Another recurring limitation concerns what counts as multi-turn orchestration. MAS-Orchestra, HERA, and LEMON all study orchestration over complex agents or multi-step executions, but their controllers mostly plan upfront rather than reactively after every intermediate observation (Ke et al., 21 Jan 2026, Li et al., 1 Apr 2026, Chen et al., 14 May 2026). AgentRL and ProRL Agent, despite their importance for multi-turn systems, do not themselves implement explicit multi-agent coordination (Zhang et al., 5 Oct 2025, Zhang et al., 19 Mar 2026). ORCH, despite being a strong multi-agent orchestrator for discrete-choice reasoning, is mostly single-round. This suggests that the field still distinguishes sharply between interactive runtime orchestration and workflow synthesis for multi-step execution.
A final misconception is that orchestration quality is reducible to stronger base models. Several papers argue otherwise. AOrchestra’s learnable-orchestrator ablation shows that weaker orchestration degrades results even when sub-agents remain strong (Ruan et al., 3 Feb 2026). MATPO reports that planner/worker coordination improves robustness to noisy tool outputs beyond what single-agent RL provides (Mo et al., 6 Oct 2025). MARCO shows that narrower, hierarchical task agents can outperform a single broader agent while lowering latency and cost (Shrimal et al., 2024). The cumulative implication is that orchestration is not merely packaging; it is itself a substantive modeling problem.

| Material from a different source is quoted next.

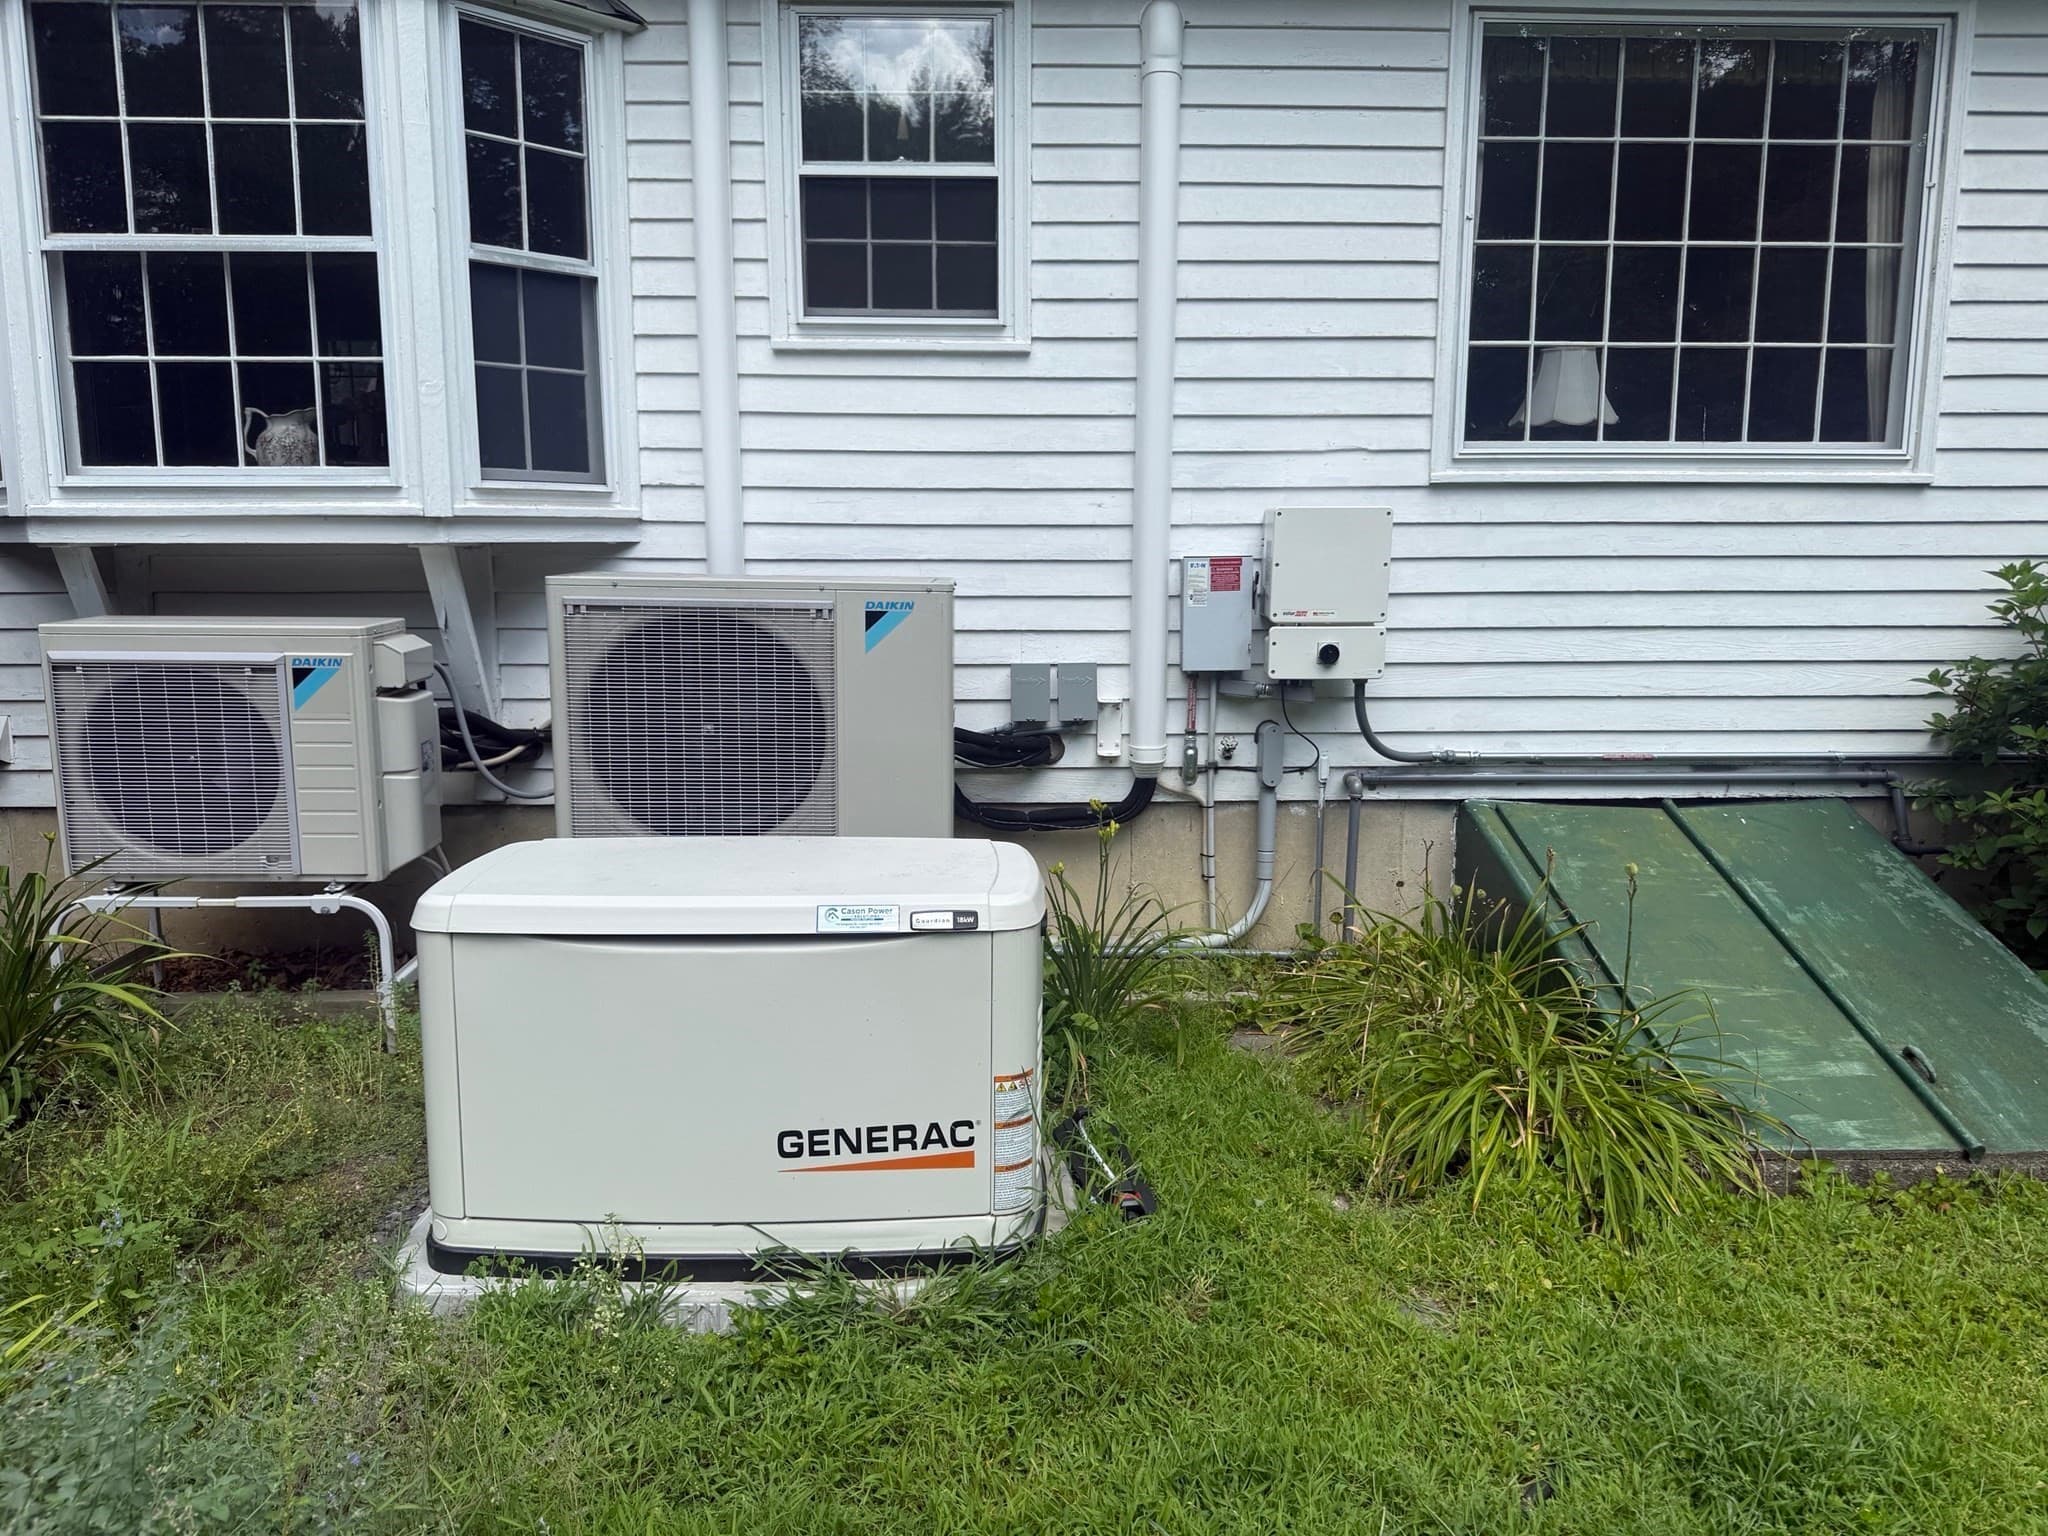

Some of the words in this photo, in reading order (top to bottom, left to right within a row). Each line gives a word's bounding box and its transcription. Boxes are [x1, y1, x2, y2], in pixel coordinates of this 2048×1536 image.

[865, 601, 914, 610] DAIKIN
[292, 657, 343, 666] DAIKIN
[777, 1120, 975, 1159] GENERAC

Open problems follow directly from these limits: richer stateful replanning over long dialogues, principled confidence or verification signals for live routing without gold feedback, finer-grained credit assignment for collaborative teams, direct inter-agent communication protocols where needed, and better integration of cost, latency, and reliability into orchestration policies. Current work has established that multi-turn multi-agent orchestration can be effective, but it has also made clear that its benefits depend on task structure, context management, communication topology, and the degree to which orchestration itself is treated as a first-class object of design and learning.